Yet if learners are but pawns to some more powerful broker, how is it justified to make them also pawns of a contesting party? Perhaps this is a reason why Freire dissociates partisanship. As for adult learners, where they might have at least some account for themselves, surely the teacher’s dilemma is little more than a token when the learners are children. What Freire seems to mean by politics in education is not a struggle for power between relative equals but a struggle for survival by the relatively powerless. So he justifies the motive for struggle morally. Indeed, I think this is a more compelling reason for dissociating partisanship.

In any case, as those will know who advocate for children… what passions are stirred by morality as compared to any lesser motive! It should be noted that when the powerful, like the powerless, have children of their own, they can wield passion and morality, too: there are times with no recourse but to fight it out.

On behalf of learners, Freire fights from a place of belief, a place we might consider the optimistic middle-out, hardened but hopeful. Even so, on behalf of the powerless, he fights from the moral top-down, not with scepticism for their future but with hope, and justification. It is from the bottom-up that we find his scepticism and his criticism of the powerful. And it is from all these multiple perspectives at once that Freire fights, altogether, because educational politics are inescapably partisan, by which I mean politics is the struggle for the power to control, as well as to shape potential consequences. In this respect, Freire says as much, himself…

“The necessary insistence with which I have been speaking about [my understanding of education having a political nature] has led certain critics from the right to say of me that I am not an educator or a thinker of education, but rather a political activist. It is important to state that those who deny me my pedagogicalness, drowned and nullified, according to them, in the political, are just as political as I am. Except that, obviously, they take a different position from mine.” (p. 71)

Partisanship described, if not defined. Talk of taking different positions, talk of activism and denial, most certainly talk of the political right, as elsewhere he mentions “the social classes, the right and the left, the dominant and the dominated” (p. 25)… all this talk absolutely stands for partisanship in the struggle for power. Beyond this, though, what else is all this talk, if not partisanship in a more colloquial sense, of simply taking sides?

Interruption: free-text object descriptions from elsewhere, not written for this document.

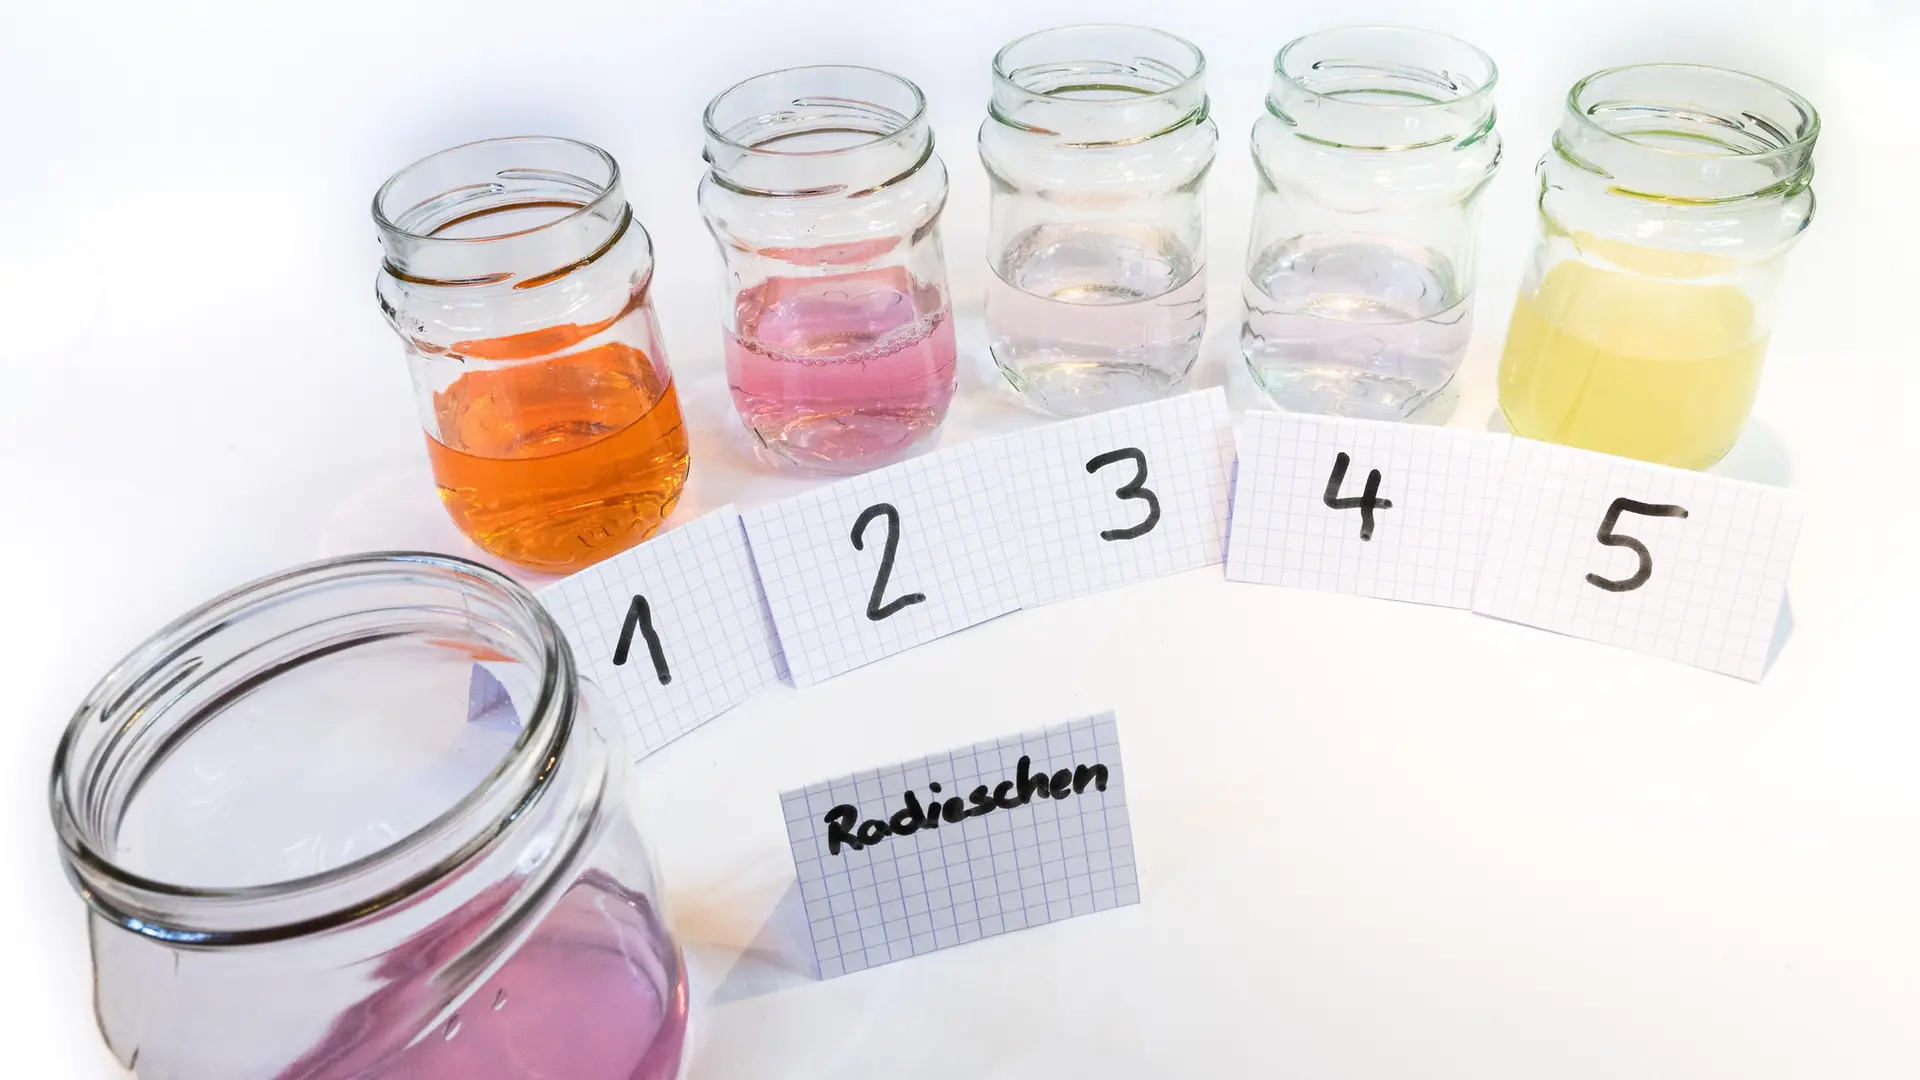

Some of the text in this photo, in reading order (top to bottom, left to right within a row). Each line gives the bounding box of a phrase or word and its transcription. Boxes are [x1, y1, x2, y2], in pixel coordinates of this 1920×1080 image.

[1085, 447, 1160, 541] 3
[1323, 452, 1392, 540] 4
[850, 503, 926, 622] 2
[1587, 497, 1689, 592] 5
[612, 594, 672, 686] 1
[824, 755, 1109, 856] Radieschen

I gather what Freire means by “politics” is a struggle to overcome the power brokers who (to use his most oft-quoted word) oppress those with little or no power. He positions himself. More than simply taking a side with children, with rural workers, with learners, with democracy, he takes a position against pragmatism, against “technical-scientific training” (p. 19), against “the control and the dictums of globalizing power” (p. 25). He takes a position that not only bares his motives but provokes defaming criticism, criticism that he acknowledges. For Freire, education is political by nature and morally necessary to help the powerless. As an educator, one takes sides as an advocate.

Education empowers the oppressed toward transforming themselves, such that they might next transform the systems and structures that dominate into systems and structures that accommodate. For all this, Freire clearly illustrates partisanship. So is “partisanship” pejorative? Is this why he deems it “not necessarily” part of politics? Defending Freire, one might label only his critics as partisan, yet still… there it is.

IV. Spaces

I was prompted to all this for having spotted in Freire’s discussion about educational politics a simple analogy to my lesson on rubrics. Analogies being instructive yet never perfect, I’ve since been provoked to further thoughts on power and control. For my students, the power to control was a clearer understanding of how to write an essay – theirs to control as far as it was a measure provided from beyond their control. In light of constructivism, today’s prevailing theory of learning, educators have been brought to reconsider education as something no longer provided to learners from beyond, like a rubric; I gather this will remain so as long as constructivism prevails.

The malpractice of education as revelation delivered by teachers we now more empathetically understand on the part of the learner as realisations collaboratively composed. Even so, as no one lives in a vacuum, and everyone has arrived belatedly to a history, what do we learn that has not in some way already been provided? Will an education help us to think mere original thoughts, or unprecedented ones? Is an education some kind of addition or renovation, or some kind of transformation – each of these seeming more radical, as we go – or is an education even something else again? Whatever it is, who gets to say what education is, and what it is for, which really is to ask who it is for?

Are lessons designed for a teacher to teach, or for a learner to learn, or is it some mixture of both?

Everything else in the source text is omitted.